Crab Salad Keto Gimbap
A Refreshing and Light Meal! Deliciously Rolled Crab Salad Gimbap (Keto Gimbap)
Keto gimbap is all the rage these days! Introducing our Crab Salad Gimbap, made by rolling savory crab meat and crisp vegetables without any rice. It’s a delightful, light, and satisfying meal that’s bursting with flavor.
Main Ingredients
- 4 sheets of dried seaweed (gim)
- 100g crab meat
- 2 eggs
- 8 kale leaves
- 1/2 red bell pepper
- 1/3 cucumber
- 1/3 onion
- 1/2 avocado
Cooking Instructions
Step 1
First, drain the crab meat well using a sieve. This step is crucial to remove excess moisture, preventing the salad filling from becoming watery.
Step 2
Wash the cucumber thoroughly, then finely julienne it. For an extra crisp texture, you can remove the seedy center before julienning.
Step 3
Finely julienne the onion as well. If you find raw onion too pungent, you can soak the julienned onion in cold water for a few minutes and then drain it thoroughly.
Step 4
Now, let’s make the crab salad dressing.
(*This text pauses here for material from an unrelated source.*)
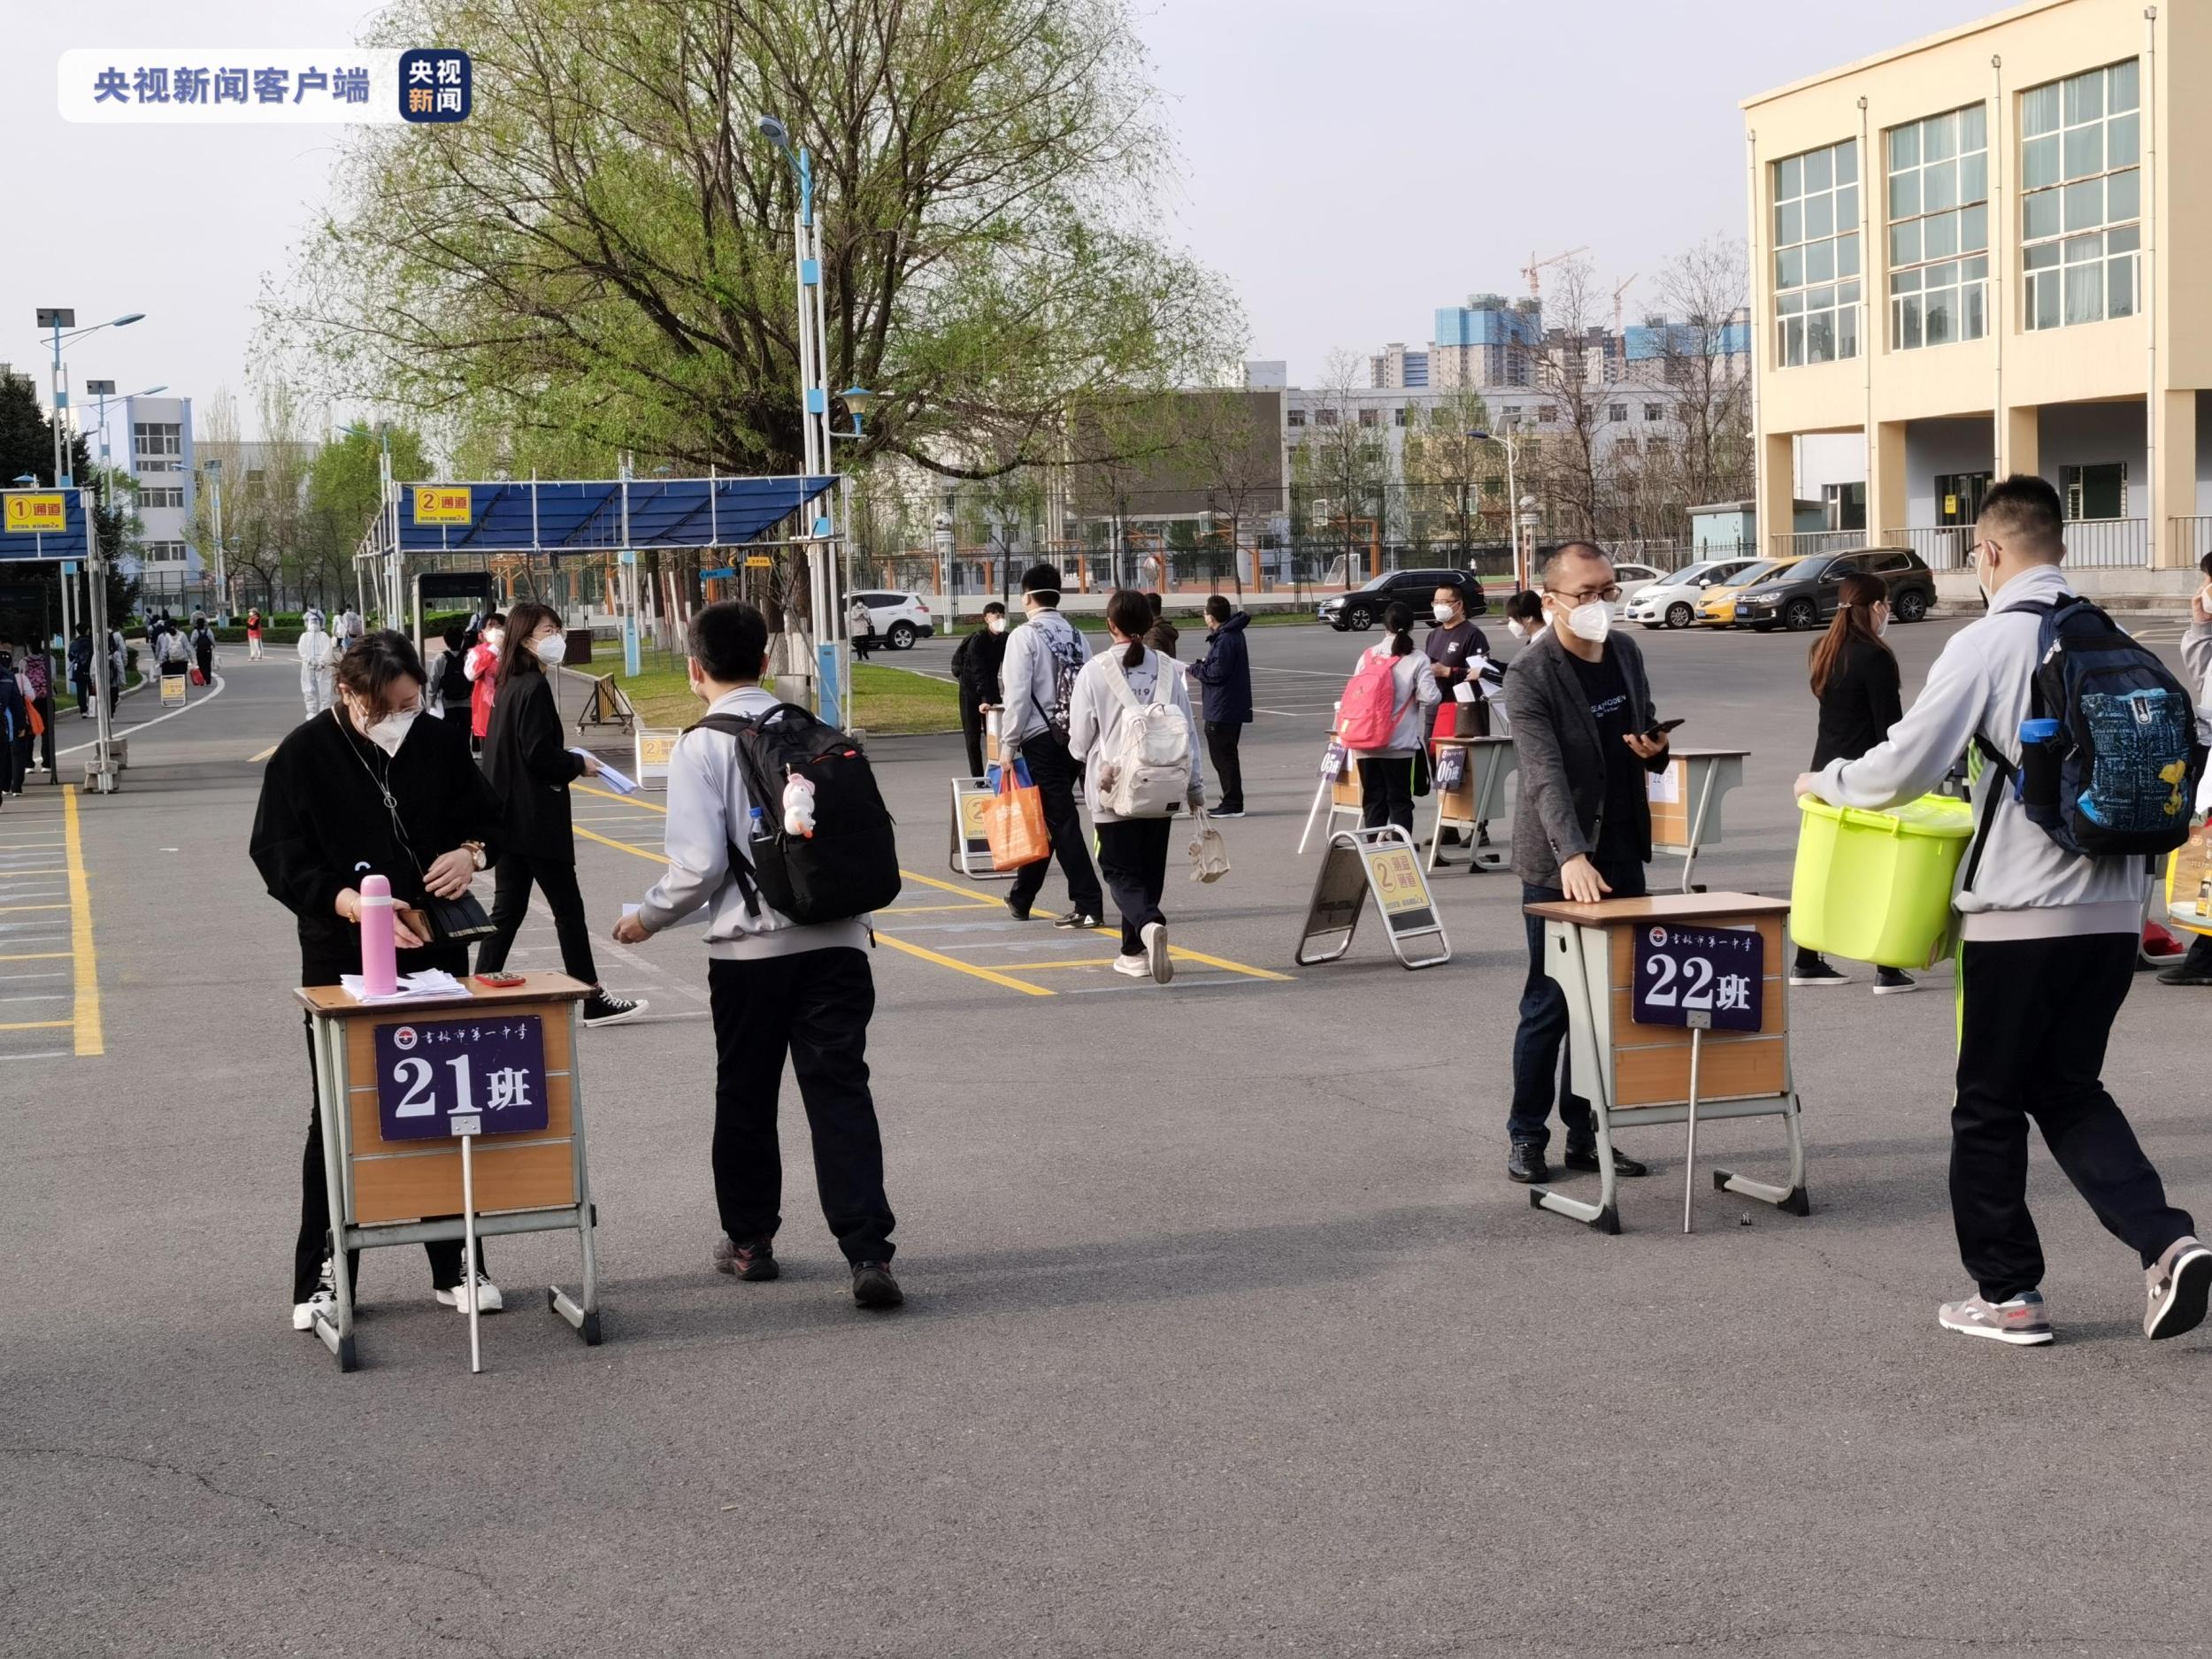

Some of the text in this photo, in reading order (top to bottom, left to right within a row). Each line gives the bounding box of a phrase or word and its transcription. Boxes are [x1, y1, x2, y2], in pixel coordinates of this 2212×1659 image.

In a bowl, combine the drained crab meat, julienned cucumber, and julienned onion.
Step 5
Add 3 tablespoons of Greek yogurt for creaminess and 1 teaspoon of whole grain mustard for a subtle tang and flavor. These ingredients will bind everything together beautifully.
Step 6
Season with a pinch of salt and pepper. Gently mix everything together until well combined. Ensure the ingredients are evenly distributed for a consistent flavor in every bite.
Step 7
Finely julienne the red bell pepper. Make sure to remove the seeds and membranes before slicing. This adds a lovely color and crunch to the gimbap.
Step 8
Peel and pit the avocado, then slice it into thin, uniform pieces. The creamy texture of the avocado will complement the other ingredients wonderfully.
Step 9
Wash the kale leaves thoroughly and pat them completely dry with paper towels. If the leaves are very large, you can cut them in half to make rolling easier.
Step 10
For the egg crepe, crack two eggs into a bowl. Add 2 tablespoons of milk and a pinch of salt. Whisk well until thoroughly combined. Adding milk helps create a softer, more tender egg crepe.
Step 11
For an even smoother texture, strain the egg mixture through a fine-mesh sieve. This removes any small bits of egg white or chalaza, resulting in a delicate crepe.
Step 12
Heat a non-stick pan over medium-low heat and add a little olive oil. Be careful not to use too much oil, as it can make the egg crepe too thick.
Step 13
Pour the egg mixture into the heated pan, spreading it thinly and evenly to form a large crepe. Cook over low heat until it’s set and lightly golden.
Step 14
Once cooled slightly, cut the egg crepe into 8 equal strips. For cleaner cuts, you can lightly moisten your knife with water.
Step 15
Cut each sheet of gim in half horizontally. This makes it easier to roll the gimbap neatly.
Step 16
Lay a halved sheet of gim with the shiny side down. Arrange the kale leaves along one edge. The kale acts as a barrier to prevent the gim from getting soggy.
Step 17
Next, place the egg crepe strips and avocado slices neatly on top of the kale. Arrange them appealingly for a beautiful presentation.
Step 18
Spoon a generous amount of the crab salad mixture over the other ingredients, followed by the julienned red bell pepper for a vibrant color and crunch.
Step 19
Carefully roll the gim from the edge, tucking in the filling tightly but without tearing the seaweed. Lightly moisten the edge of the gim with water to seal it securely.
Step 20
Repeat the process with the remaining ingredients to make a total of 4 Crab Salad Gimbap. Enjoy immediately or let them sit for a few minutes for the flavors to meld.